_REQUIREMENT_
Could the records below please be retyped exactly, with their pictures left out?

_RECORDS FOR THIS EXERCISE_
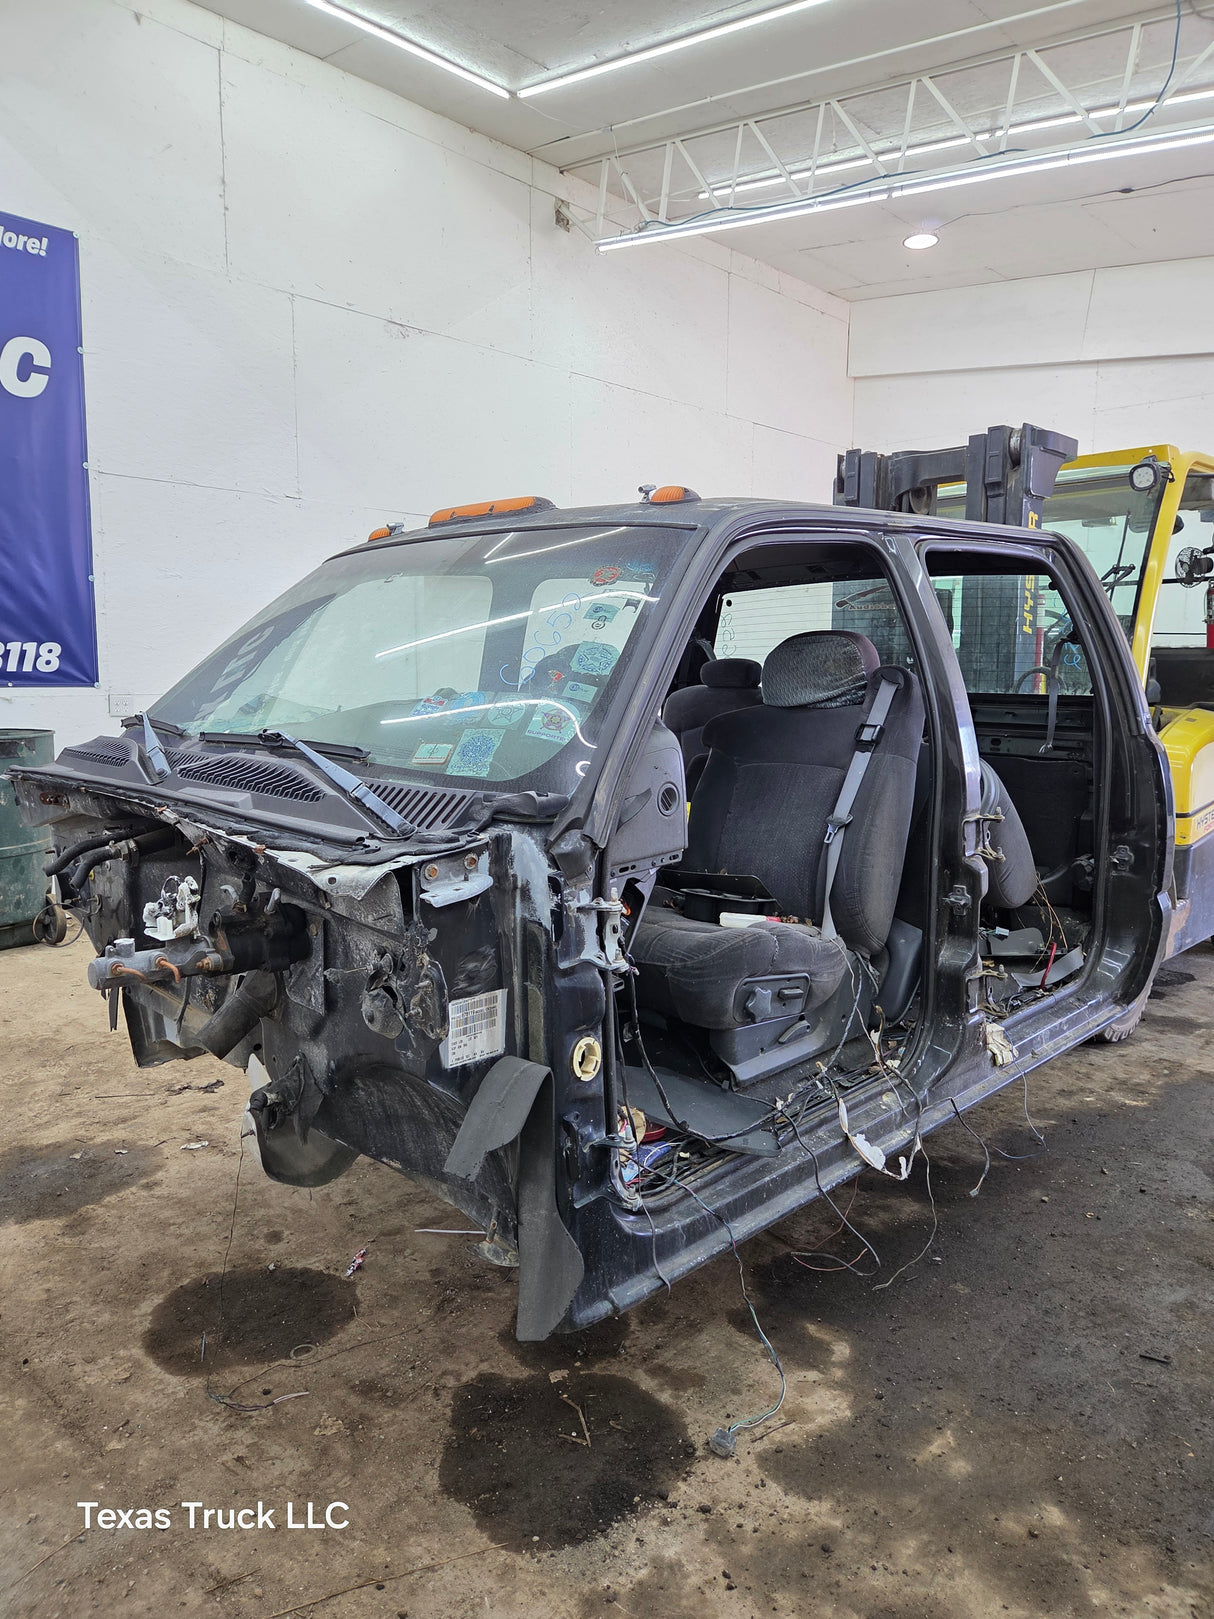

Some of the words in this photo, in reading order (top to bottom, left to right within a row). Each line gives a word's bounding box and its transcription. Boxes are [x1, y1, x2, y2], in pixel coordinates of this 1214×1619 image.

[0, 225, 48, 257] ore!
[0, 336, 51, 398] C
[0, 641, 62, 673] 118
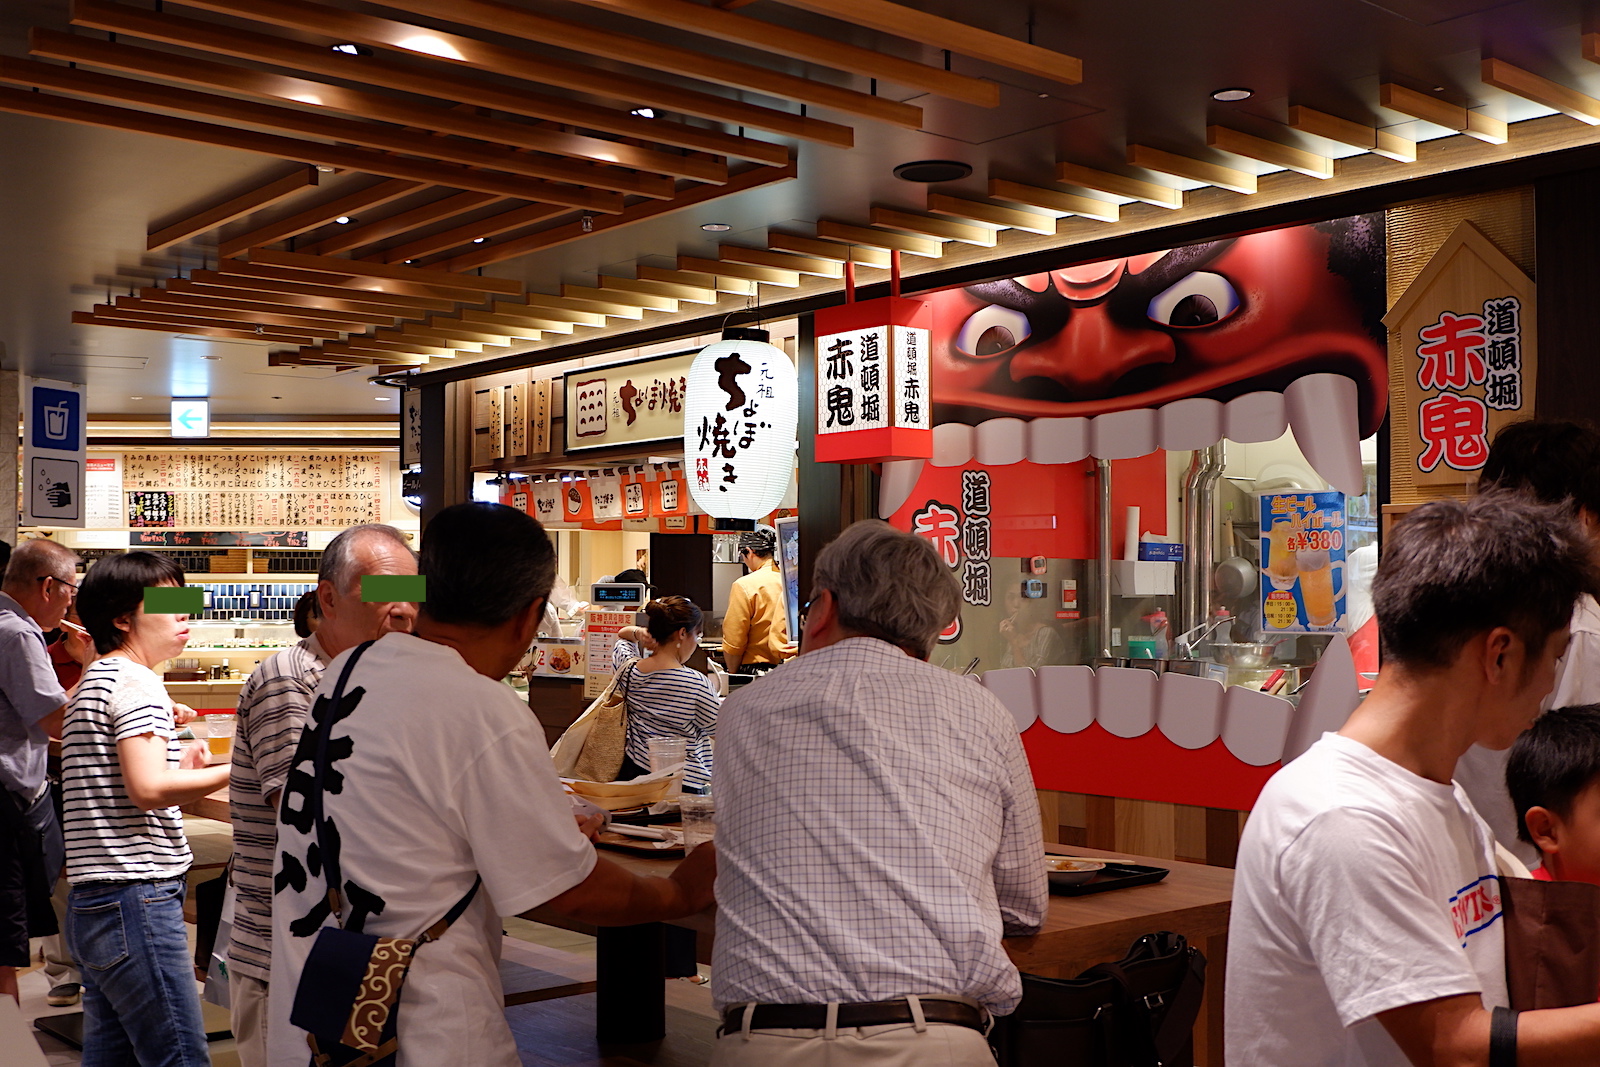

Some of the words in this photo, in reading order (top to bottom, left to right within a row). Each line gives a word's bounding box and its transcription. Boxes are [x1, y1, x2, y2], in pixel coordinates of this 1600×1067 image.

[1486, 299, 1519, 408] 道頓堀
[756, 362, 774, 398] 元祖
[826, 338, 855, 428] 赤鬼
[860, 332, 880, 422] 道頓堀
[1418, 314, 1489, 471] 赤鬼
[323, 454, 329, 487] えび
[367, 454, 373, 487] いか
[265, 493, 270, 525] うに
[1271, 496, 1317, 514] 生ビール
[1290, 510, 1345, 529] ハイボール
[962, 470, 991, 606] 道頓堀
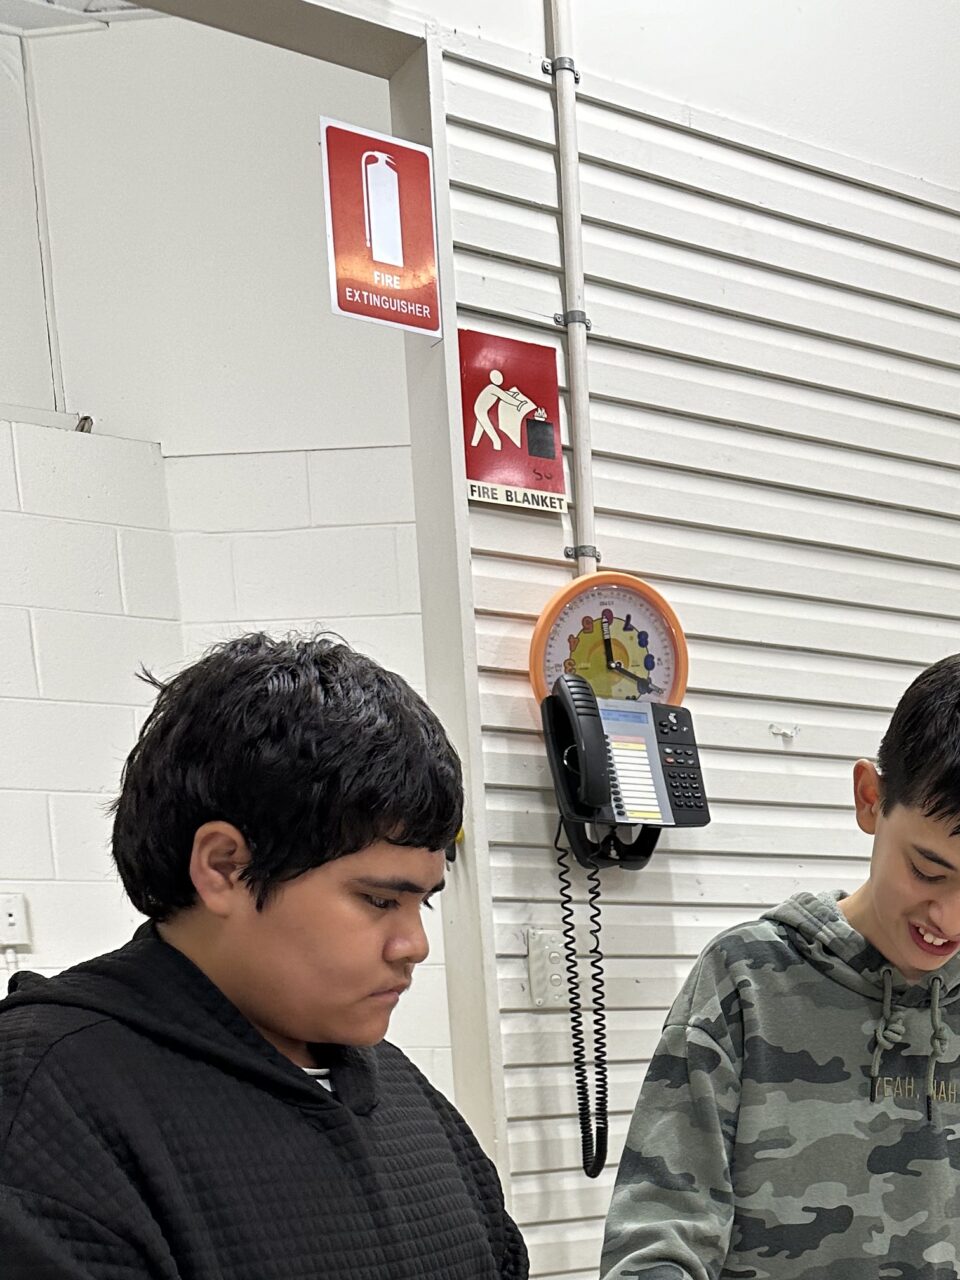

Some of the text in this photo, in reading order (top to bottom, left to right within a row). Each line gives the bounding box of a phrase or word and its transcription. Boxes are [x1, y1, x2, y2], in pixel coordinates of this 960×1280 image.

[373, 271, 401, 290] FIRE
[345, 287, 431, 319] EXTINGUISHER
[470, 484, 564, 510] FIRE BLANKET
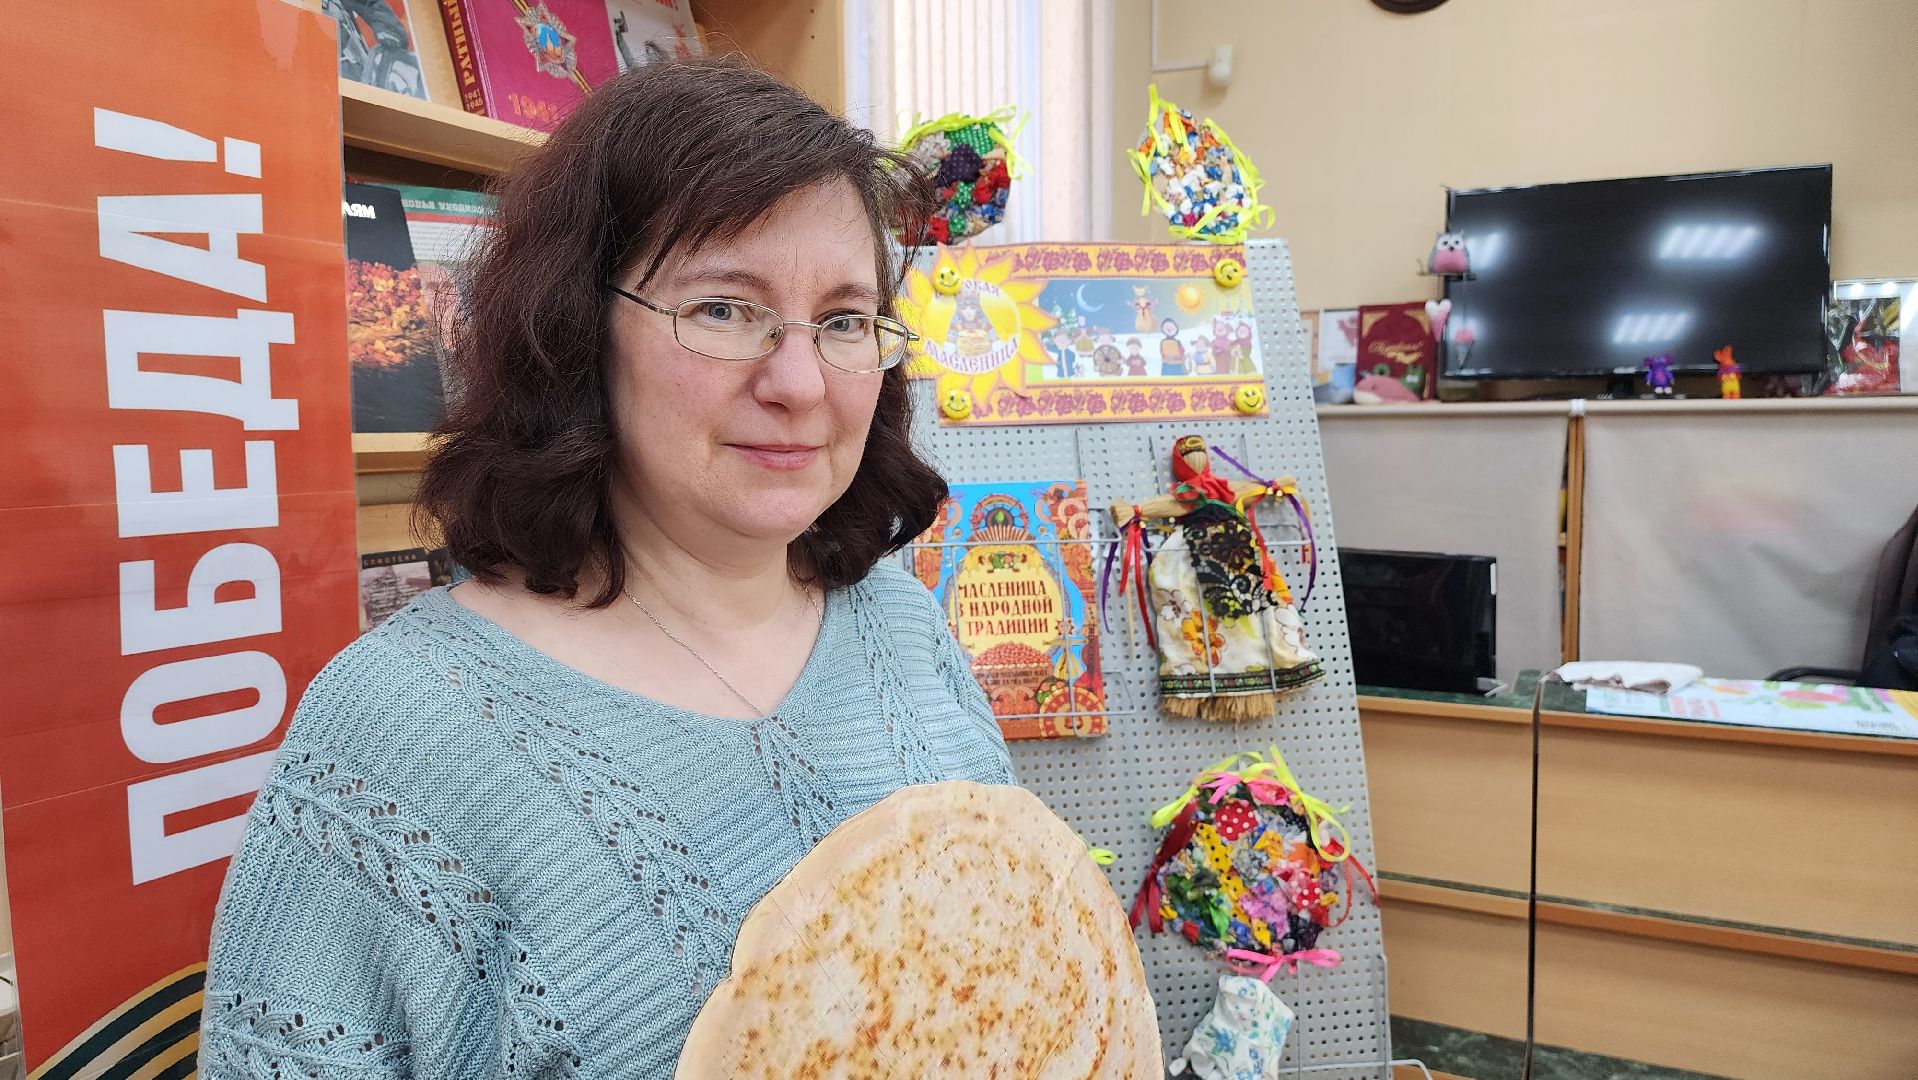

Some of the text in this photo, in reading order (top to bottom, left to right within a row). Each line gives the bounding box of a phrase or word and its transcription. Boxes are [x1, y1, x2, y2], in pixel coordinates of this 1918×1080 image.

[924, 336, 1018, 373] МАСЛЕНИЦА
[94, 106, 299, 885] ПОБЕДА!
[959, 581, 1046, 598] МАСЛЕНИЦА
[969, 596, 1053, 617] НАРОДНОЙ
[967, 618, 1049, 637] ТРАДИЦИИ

_RESULT OF THIS EXERCISE_
Some of the words in this photo, in reading order (top to bottom, left to right within a row). Each line gives a word's bounding box and its transcription. Boxes are [x1, y1, x2, y2], in pixel coordinates of this 1214×1619 image.

[0, 225, 48, 257] ore!
[0, 336, 51, 398] C
[0, 641, 62, 673] 118

Some of the words in this photo, in reading order (top to bottom, left to right within a row). Each line gives a word's bounding box and its transcription. Boxes are [x1, y1, x2, y2], in pixel coordinates of this 1600×1067 image.

[1486, 299, 1519, 408] 道頓堀
[756, 362, 774, 398] 元祖
[826, 338, 855, 428] 赤鬼
[860, 332, 880, 422] 道頓堀
[1418, 314, 1489, 471] 赤鬼
[323, 454, 329, 487] えび
[367, 454, 373, 487] いか
[265, 493, 270, 525] うに
[1271, 496, 1317, 514] 生ビール
[1290, 510, 1345, 529] ハイボール
[962, 470, 991, 606] 道頓堀

Some of the text in this photo, in reading order (top to bottom, left to right within a row). Each line gives the bounding box of a phrase or word and its transcription. Boxes are [x1, y1, x2, y2], in pixel coordinates of this 960×1280 image.

[373, 271, 401, 290] FIRE
[345, 287, 431, 319] EXTINGUISHER
[470, 484, 564, 510] FIRE BLANKET

Some of the text in this photo, in reading order (top to bottom, left to right within a row). Each line gives the bounding box of a phrase or word and its transcription. Boxes are [x1, y1, x2, y2], in pixel coordinates of this 1918×1080 image.

[924, 336, 1018, 373] МАСЛЕНИЦА
[94, 106, 299, 885] ПОБЕДА!
[959, 581, 1046, 598] МАСЛЕНИЦА
[969, 596, 1053, 617] НАРОДНОЙ
[967, 618, 1049, 637] ТРАДИЦИИ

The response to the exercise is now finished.